A Walmart executive echoed Syed.

“Customizing services and treatments to individual needs is the next frontier in healthcare and is a major part of Walmart’s commitment to helping associates and their family members find great doctors who consistently deliver the best value and quality care in their community,” Lisa Woods, vice president of Walmart’s U.S. benefits division, said in a statement.

Back in 2019, Health at Scale announced that it had raised $16 million from Optum, the sole investor in its Series A funding round.

A partnership with Health at Scale wasn’t the only collaboration news that involved Walmart Monday. Quest Diagnostics also announced that it’s collaborating with the retailer to increase access to high-quality lab testing. It’s doing that through a consumer-friendly website, building on a longstanding relationship between the two companies.

Consumers can visit Walmart.com to select and purchase a lab test from any connected computer or mobile device at any time.

“Each purchase is reviewed and, if appropriate, ordered by a licensed physician,” Quest said in a news release announcing the collaboration.

Depending on the test, a person will be prompted to schedule an appointment at one of Quest’s 2,220 Patient Service Centers across the country, including locations at select Walmart stores. Quest noted that depending on location, those appointments are often available that same day. Quest provides at-home collection kits for certain tests with instructions on how to use them.

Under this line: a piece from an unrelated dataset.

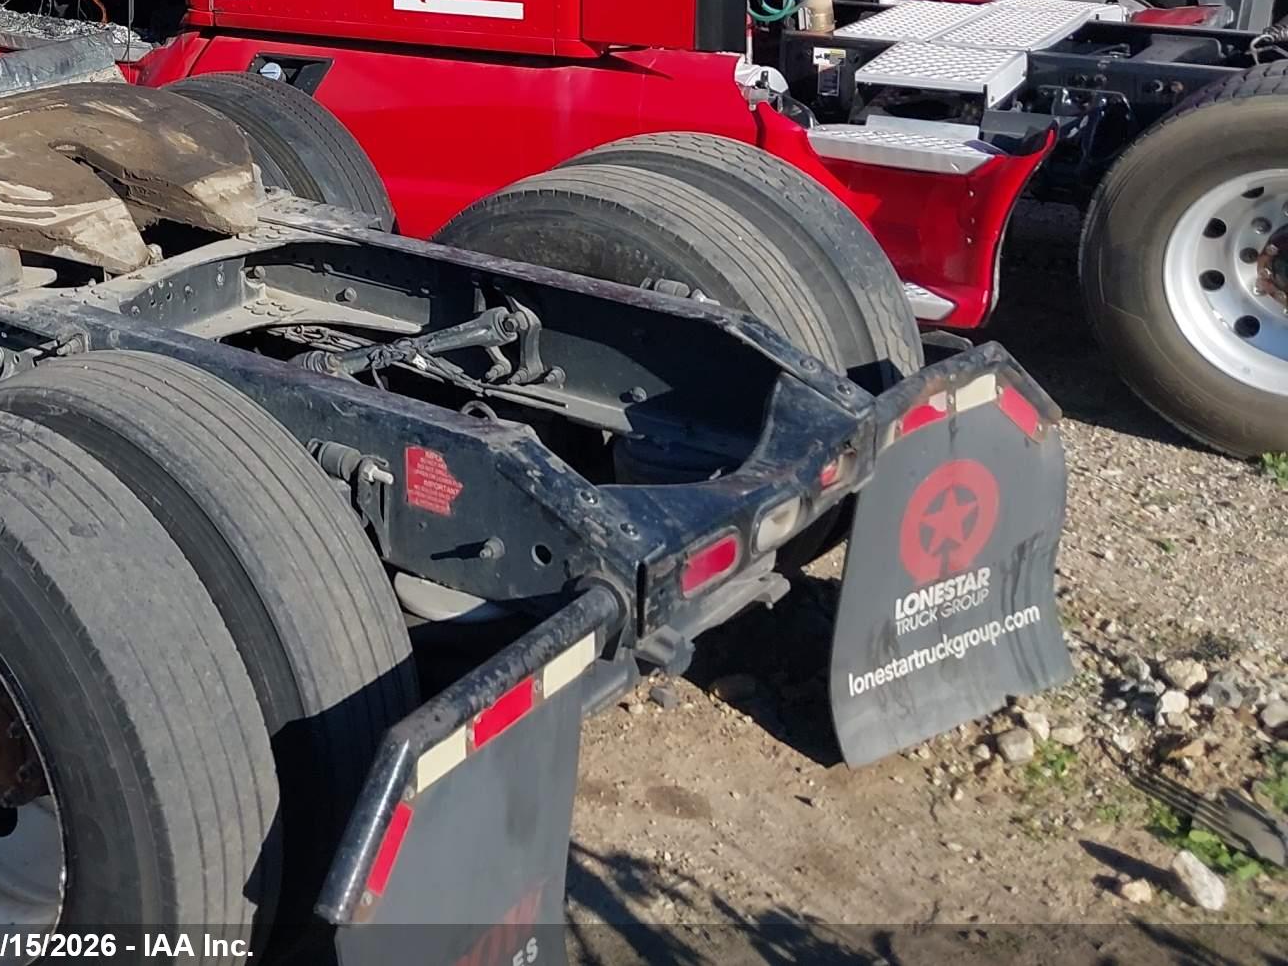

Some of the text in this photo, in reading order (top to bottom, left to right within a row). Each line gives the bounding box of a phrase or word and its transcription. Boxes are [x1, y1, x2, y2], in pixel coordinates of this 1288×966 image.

[895, 567, 992, 620] LONESTAR
[896, 587, 991, 637] TRUCK GROUP
[848, 604, 1041, 697] lonestartruckgroup.com

The announcement from Quest is in keeping with the trends in the diagnostics world, where the preeminence of centralized labs is waning.

“Now more than ever, people seek healthcare that is convenient, individualized and meets them where they are,” said Steve Rusckowski, Quest Diagnostics chairman, president and CEO, in a statement. “This new solution can broaden access to laboratory testing and health insights, and support for a range of conditions for potentially better outcomes.”